Estimated time: 65 minutes

By the end of this chapter, you will:

  • Implement Quick Sort using the divide-and-conquer partitioning approach
  • Master different pivot selection strategies (first, last, middle, random, median-of-three)
  • Understand Quick Sort's O(n log n) average case and O(n²) worst case scenarios
  • Learn optimization techniques including tail recursion and hybrid approaches
  • Apply Quick Sort to real-world scenarios and understand why it's often faster than Merge Sort

Prerequisites

Before starting this chapter, ensure you have:

  • ✓ Understanding of recursion (70 mins from Chapter 3 if not done)
  • ✓ Understanding of Big O notation (60 mins from Chapter 1 if not done)
  • ✓ Completion of Chapters 05-06 (115 mins if not done)

Quick Checklist

Complete these hands-on tasks as you work through the chapter:

  • [ ] Implement basic Quick Sort with the partition function
  • [ ] Try different pivot strategies: first element, last element, middle element
  • [ ] Implement median-of-three pivot selection for better performance
  • [ ] Add random pivot selection to avoid worst-case scenarios
  • [ ] Benchmark Quick Sort against Merge Sort on various datasets
  • [ ] Implement hybrid Quick Sort that switches to Insertion Sort for small subarrays
  • [ ] (Optional) Implement three-way partitioning for handling duplicate elements

How Quick Sort Works

Quick Sort uses a divide-and-conquer strategy:

  1. Pick a pivot element from the array
  2. Partition the array so elements smaller than pivot are on the left, larger on the right
  3. Recursively sort the left and right partitions

Key insight: After partitioning, the pivot is in its final sorted position!

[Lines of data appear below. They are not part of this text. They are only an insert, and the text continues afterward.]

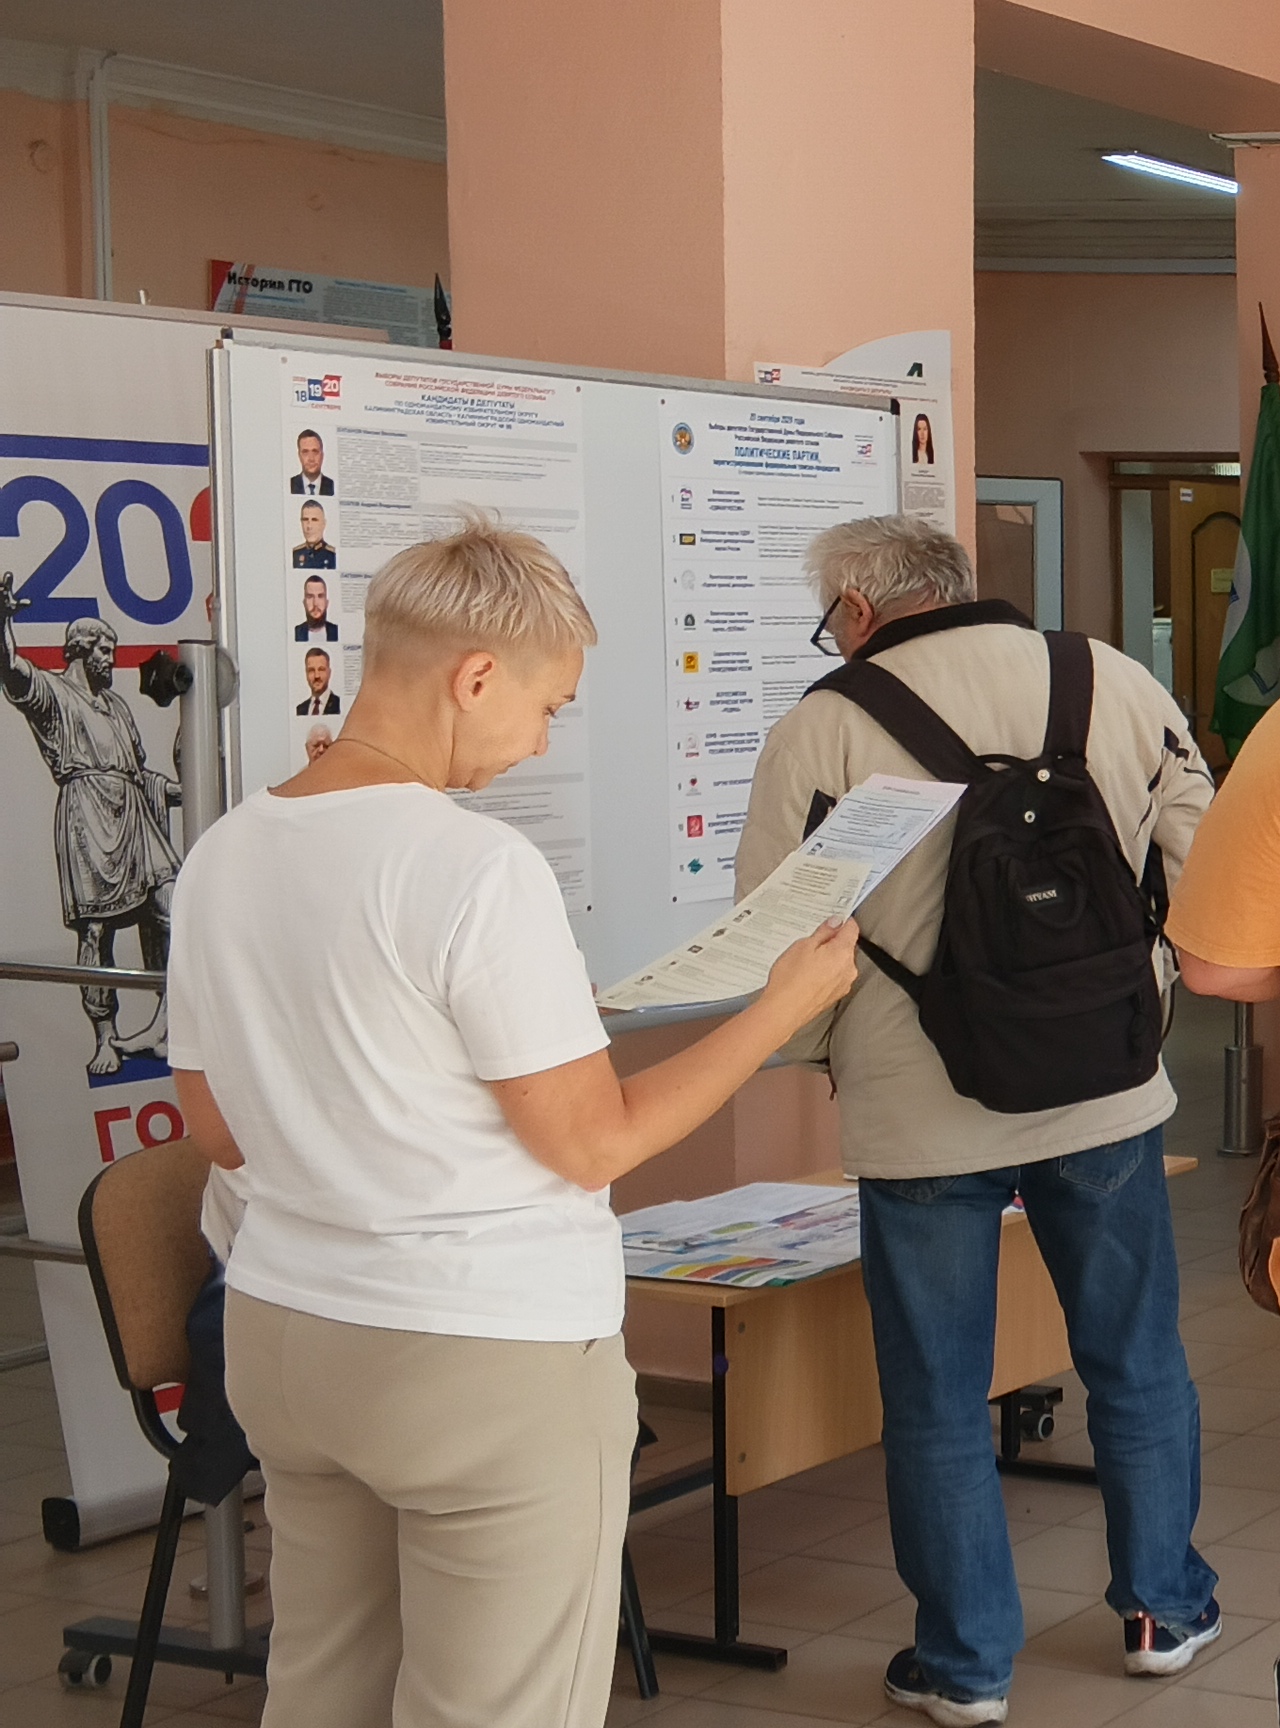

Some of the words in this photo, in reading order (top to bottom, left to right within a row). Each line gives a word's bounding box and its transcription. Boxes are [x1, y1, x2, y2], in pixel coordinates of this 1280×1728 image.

[227, 271, 284, 293] История
[287, 279, 313, 294] ГТО
[295, 390, 307, 402] 18
[309, 384, 322, 397] 19
[323, 379, 340, 392] 20
[0, 475, 212, 625] 20
[94, 1100, 185, 1163] ГО
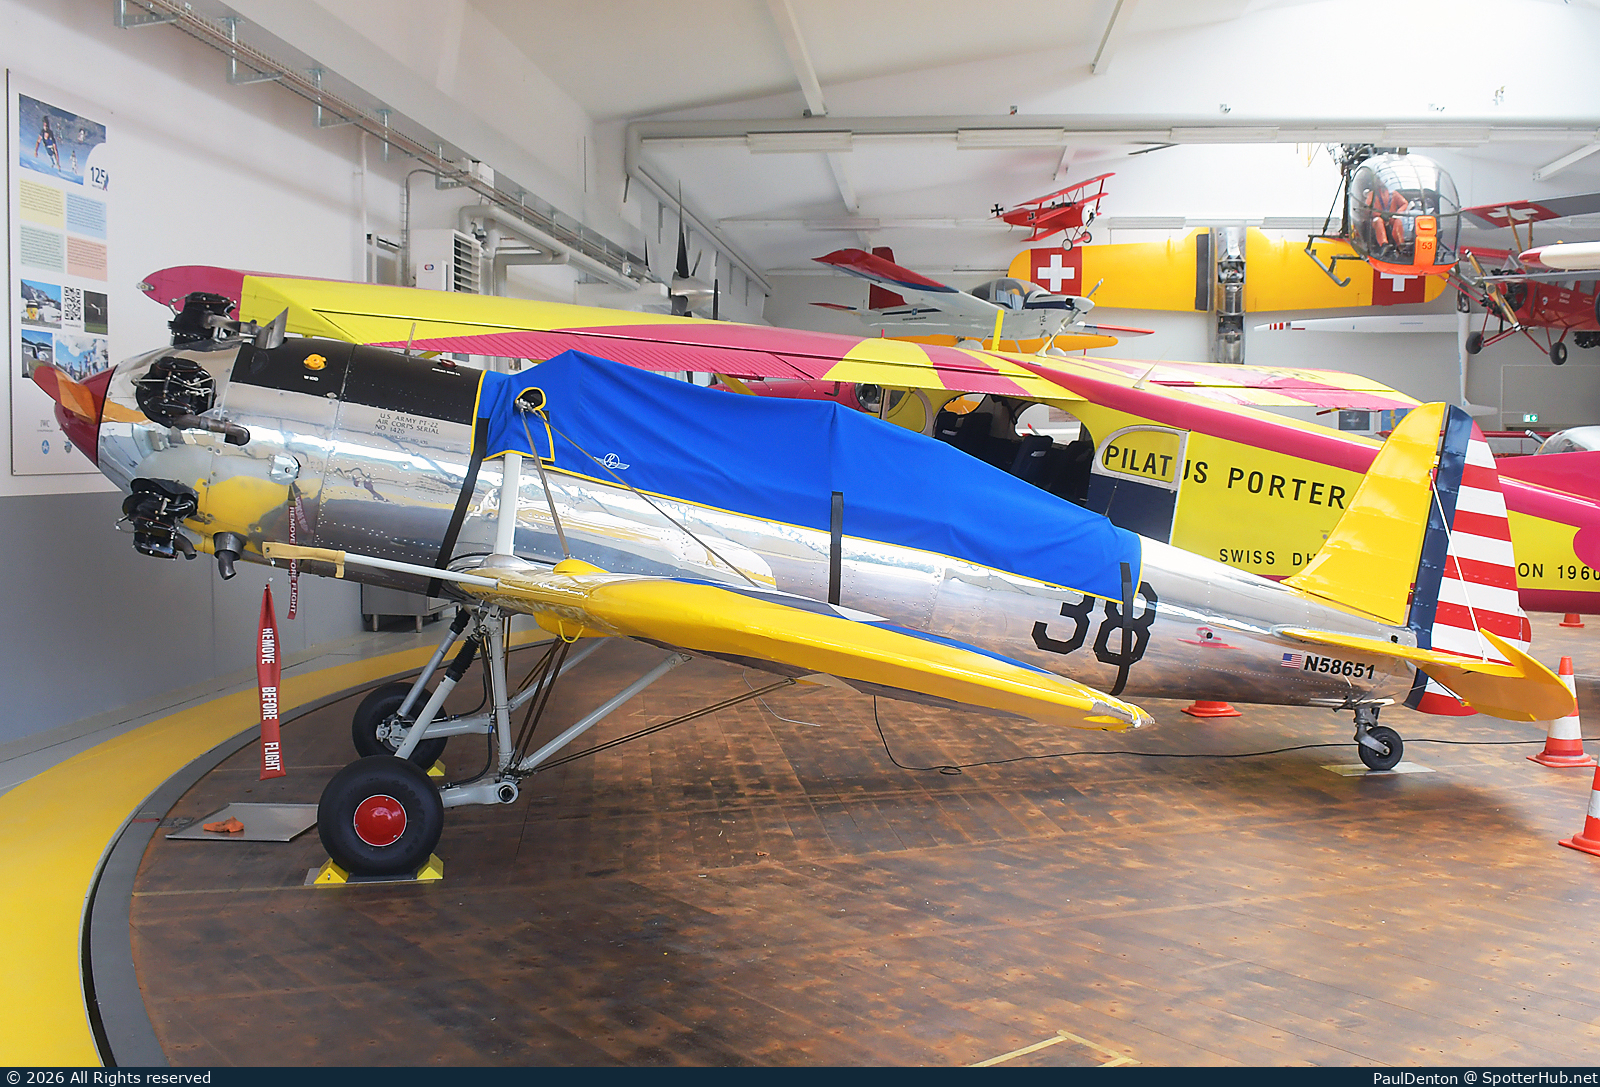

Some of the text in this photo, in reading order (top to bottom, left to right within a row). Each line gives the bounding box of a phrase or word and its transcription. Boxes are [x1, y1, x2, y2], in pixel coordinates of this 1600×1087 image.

[1422, 242, 1432, 250] 53
[376, 418, 440, 435] AIR CORPS SERIAL
[395, 416, 417, 424] ARMY
[1228, 467, 1345, 509] PORTER
[1219, 548, 1275, 565] SWISS
[1517, 562, 1600, 581] ON 1960
[1031, 580, 1158, 666] 38
[1303, 655, 1375, 680] N58651
[261, 627, 281, 771] REMOVE BEFORE FLIGHT
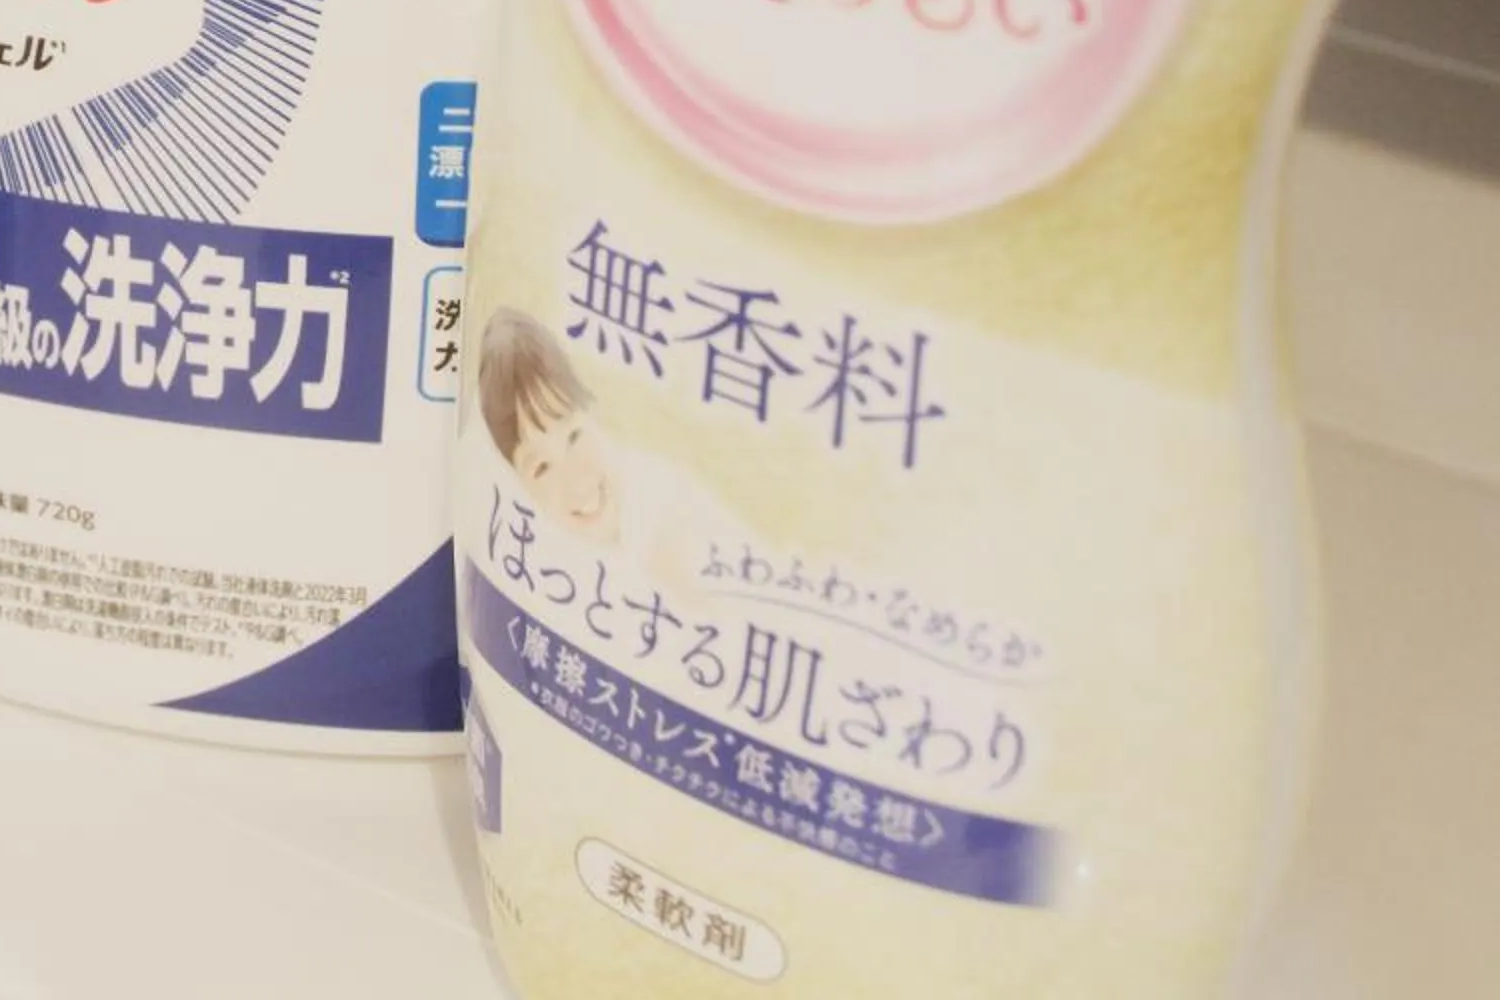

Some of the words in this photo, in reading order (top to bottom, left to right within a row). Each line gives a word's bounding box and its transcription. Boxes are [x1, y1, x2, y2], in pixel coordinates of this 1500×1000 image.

[566, 219, 947, 469] 無香料
[36, 497, 95, 531] 720g
[488, 483, 1026, 791] ほっとする肌ざわり
[700, 543, 1043, 668] ふわふわ・なめらか
[607, 860, 747, 962] 柔軟剤

Detailed Example with Step-by-Step Partition

Sort [8, 3, 1, 7, 0, 10, 2] using last element as pivot:

Initial Array: [8, 3, 1, 7, 0, 10, 2], pivot = 2

Partition Process:

i = -1 (tracks boundary of smaller elements)

j=0: arr[0]=8, 8 < 2? No → skip
     [8, 3, 1, 7, 0, 10, 2]  i=-1

j=1: arr[1]=3, 3 < 2? No → skip
     [8, 3, 1, 7, 0, 10, 2]  i=-1

j=2: arr[2]=1, 1 < 2? Yes → i++, swap arr[0] with arr[2]
     [1, 3, 8, 7, 0, 10, 2]  i=0

j=3: arr[3]=7, 7 < 2? No → skip
     [1, 3, 8, 7, 0, 10, 2]  i=0

j=4: arr[4]=0, 0 < 2? Yes → i++, swap arr[1] with arr[4]
     [1, 0, 8, 7, 3, 10, 2]  i=1

j=5: arr[5]=10, 10 < 2? No → skip
     [1, 0, 8, 7, 3, 10, 2]  i=1

Place pivot: swap arr[2] with pivot
     [1, 0, 2, 7, 3, 10, 8]  pivot at index 2

Result: All elements < 2 are on left, all > 2 are on right

Recursion:

  • Left: [1, 0] → pivot=0 → [0, 1]
  • Right: [7, 3, 10, 8] → pivot=8 → ... → [3, 7, 8, 10]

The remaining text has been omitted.